§ **Problem to solve**
Every line of the data, first to last, must be written out unchanged.

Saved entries
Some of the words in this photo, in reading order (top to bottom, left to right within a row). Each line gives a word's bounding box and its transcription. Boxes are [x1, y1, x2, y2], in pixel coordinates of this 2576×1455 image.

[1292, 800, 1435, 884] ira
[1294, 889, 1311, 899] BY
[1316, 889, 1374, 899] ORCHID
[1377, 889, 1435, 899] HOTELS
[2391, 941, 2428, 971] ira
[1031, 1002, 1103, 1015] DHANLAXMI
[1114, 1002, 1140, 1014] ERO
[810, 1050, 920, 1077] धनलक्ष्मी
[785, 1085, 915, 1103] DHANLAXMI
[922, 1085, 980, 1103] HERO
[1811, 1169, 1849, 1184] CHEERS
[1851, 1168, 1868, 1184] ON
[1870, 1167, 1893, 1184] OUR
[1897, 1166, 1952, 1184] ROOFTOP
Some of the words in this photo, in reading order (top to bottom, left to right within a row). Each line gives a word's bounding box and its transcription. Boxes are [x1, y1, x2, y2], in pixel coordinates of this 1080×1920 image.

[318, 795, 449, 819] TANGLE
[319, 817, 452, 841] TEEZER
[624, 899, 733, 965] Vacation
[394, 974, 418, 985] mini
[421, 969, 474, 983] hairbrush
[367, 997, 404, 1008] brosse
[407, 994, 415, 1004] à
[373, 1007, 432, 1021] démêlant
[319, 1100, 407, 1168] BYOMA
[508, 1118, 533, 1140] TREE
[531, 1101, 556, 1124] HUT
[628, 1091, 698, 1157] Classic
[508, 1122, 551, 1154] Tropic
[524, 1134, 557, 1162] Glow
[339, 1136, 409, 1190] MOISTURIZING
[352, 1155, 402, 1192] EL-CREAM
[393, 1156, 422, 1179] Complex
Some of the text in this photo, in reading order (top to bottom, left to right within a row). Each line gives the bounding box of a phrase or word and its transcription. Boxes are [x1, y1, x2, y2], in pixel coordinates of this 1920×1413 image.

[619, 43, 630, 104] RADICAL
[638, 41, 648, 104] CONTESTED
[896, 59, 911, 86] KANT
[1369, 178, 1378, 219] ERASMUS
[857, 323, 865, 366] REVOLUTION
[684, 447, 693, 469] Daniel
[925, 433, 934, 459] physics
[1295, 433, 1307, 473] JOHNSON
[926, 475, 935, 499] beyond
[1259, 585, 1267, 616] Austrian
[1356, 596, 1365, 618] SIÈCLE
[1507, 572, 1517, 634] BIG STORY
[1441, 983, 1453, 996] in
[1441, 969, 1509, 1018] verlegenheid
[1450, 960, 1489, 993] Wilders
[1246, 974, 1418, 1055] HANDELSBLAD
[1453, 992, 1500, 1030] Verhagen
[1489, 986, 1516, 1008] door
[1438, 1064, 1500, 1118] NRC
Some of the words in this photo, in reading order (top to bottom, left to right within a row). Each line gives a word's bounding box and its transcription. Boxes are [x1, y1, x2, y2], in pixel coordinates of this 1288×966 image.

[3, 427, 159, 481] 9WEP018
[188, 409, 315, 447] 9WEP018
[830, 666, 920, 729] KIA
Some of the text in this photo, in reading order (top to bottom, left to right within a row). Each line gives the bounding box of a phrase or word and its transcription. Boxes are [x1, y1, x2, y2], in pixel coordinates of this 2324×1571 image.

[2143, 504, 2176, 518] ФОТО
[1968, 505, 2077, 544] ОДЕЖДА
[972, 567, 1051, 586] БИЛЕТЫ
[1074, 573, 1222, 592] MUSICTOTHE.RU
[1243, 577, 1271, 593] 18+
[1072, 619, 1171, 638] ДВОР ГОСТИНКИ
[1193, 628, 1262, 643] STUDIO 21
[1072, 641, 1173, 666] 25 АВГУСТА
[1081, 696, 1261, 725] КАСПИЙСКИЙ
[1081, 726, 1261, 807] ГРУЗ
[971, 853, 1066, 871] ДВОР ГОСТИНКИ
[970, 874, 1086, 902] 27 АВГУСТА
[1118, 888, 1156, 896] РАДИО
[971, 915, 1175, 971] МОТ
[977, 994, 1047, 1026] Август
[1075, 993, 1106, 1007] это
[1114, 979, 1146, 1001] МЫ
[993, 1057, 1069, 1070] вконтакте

§ **Answer to the problem**
Some of the words in this photo, in reading order (top to bottom, left to right within a row). Each line gives a word's bounding box and its transcription. Boxes are [x1, y1, x2, y2], in pixel coordinates of this 2576×1455 image.

[1292, 800, 1435, 884] ira
[1294, 889, 1311, 899] BY
[1316, 889, 1374, 899] ORCHID
[1377, 889, 1435, 899] HOTELS
[2391, 941, 2428, 971] ira
[1031, 1002, 1103, 1015] DHANLAXMI
[1114, 1002, 1140, 1014] ERO
[810, 1050, 920, 1077] धनलक्ष्मी
[785, 1085, 915, 1103] DHANLAXMI
[922, 1085, 980, 1103] HERO
[1811, 1169, 1849, 1184] CHEERS
[1851, 1168, 1868, 1184] ON
[1870, 1167, 1893, 1184] OUR
[1897, 1166, 1952, 1184] ROOFTOP
Some of the words in this photo, in reading order (top to bottom, left to right within a row). Each line gives a word's bounding box and its transcription. Boxes are [x1, y1, x2, y2], in pixel coordinates of this 1080×1920 image.

[318, 795, 449, 819] TANGLE
[319, 817, 452, 841] TEEZER
[624, 899, 733, 965] Vacation
[394, 974, 418, 985] mini
[421, 969, 474, 983] hairbrush
[367, 997, 404, 1008] brosse
[407, 994, 415, 1004] à
[373, 1007, 432, 1021] démêlant
[319, 1100, 407, 1168] BYOMA
[508, 1118, 533, 1140] TREE
[531, 1101, 556, 1124] HUT
[628, 1091, 698, 1157] Classic
[508, 1122, 551, 1154] Tropic
[524, 1134, 557, 1162] Glow
[339, 1136, 409, 1190] MOISTURIZING
[352, 1155, 402, 1192] EL-CREAM
[393, 1156, 422, 1179] Complex
Some of the text in this photo, in reading order (top to bottom, left to right within a row). Each line gives the bounding box of a phrase or word and its transcription. Boxes are [x1, y1, x2, y2], in pixel coordinates of this 1920×1413 image.

[619, 43, 630, 104] RADICAL
[638, 41, 648, 104] CONTESTED
[896, 59, 911, 86] KANT
[1369, 178, 1378, 219] ERASMUS
[857, 323, 865, 366] REVOLUTION
[684, 447, 693, 469] Daniel
[925, 433, 934, 459] physics
[1295, 433, 1307, 473] JOHNSON
[926, 475, 935, 499] beyond
[1259, 585, 1267, 616] Austrian
[1356, 596, 1365, 618] SIÈCLE
[1507, 572, 1517, 634] BIG STORY
[1441, 983, 1453, 996] in
[1441, 969, 1509, 1018] verlegenheid
[1450, 960, 1489, 993] Wilders
[1246, 974, 1418, 1055] HANDELSBLAD
[1453, 992, 1500, 1030] Verhagen
[1489, 986, 1516, 1008] door
[1438, 1064, 1500, 1118] NRC
Some of the words in this photo, in reading order (top to bottom, left to right within a row). Each line gives a word's bounding box and its transcription. Boxes are [x1, y1, x2, y2], in pixel coordinates of this 1288×966 image.

[3, 427, 159, 481] 9WEP018
[188, 409, 315, 447] 9WEP018
[830, 666, 920, 729] KIA
Some of the text in this photo, in reading order (top to bottom, left to right within a row). Each line gives the bounding box of a phrase or word and its transcription. Boxes are [x1, y1, x2, y2], in pixel coordinates of this 2324×1571 image.

[2143, 504, 2176, 518] ФОТО
[1968, 505, 2077, 544] ОДЕЖДА
[972, 567, 1051, 586] БИЛЕТЫ
[1074, 573, 1222, 592] MUSICTOTHE.RU
[1243, 577, 1271, 593] 18+
[1072, 619, 1171, 638] ДВОР ГОСТИНКИ
[1193, 628, 1262, 643] STUDIO 21
[1072, 641, 1173, 666] 25 АВГУСТА
[1081, 696, 1261, 725] КАСПИЙСКИЙ
[1081, 726, 1261, 807] ГРУЗ
[971, 853, 1066, 871] ДВОР ГОСТИНКИ
[970, 874, 1086, 902] 27 АВГУСТА
[1118, 888, 1156, 896] РАДИО
[971, 915, 1175, 971] МОТ
[977, 994, 1047, 1026] Август
[1075, 993, 1106, 1007] это
[1114, 979, 1146, 1001] МЫ
[993, 1057, 1069, 1070] вконтакте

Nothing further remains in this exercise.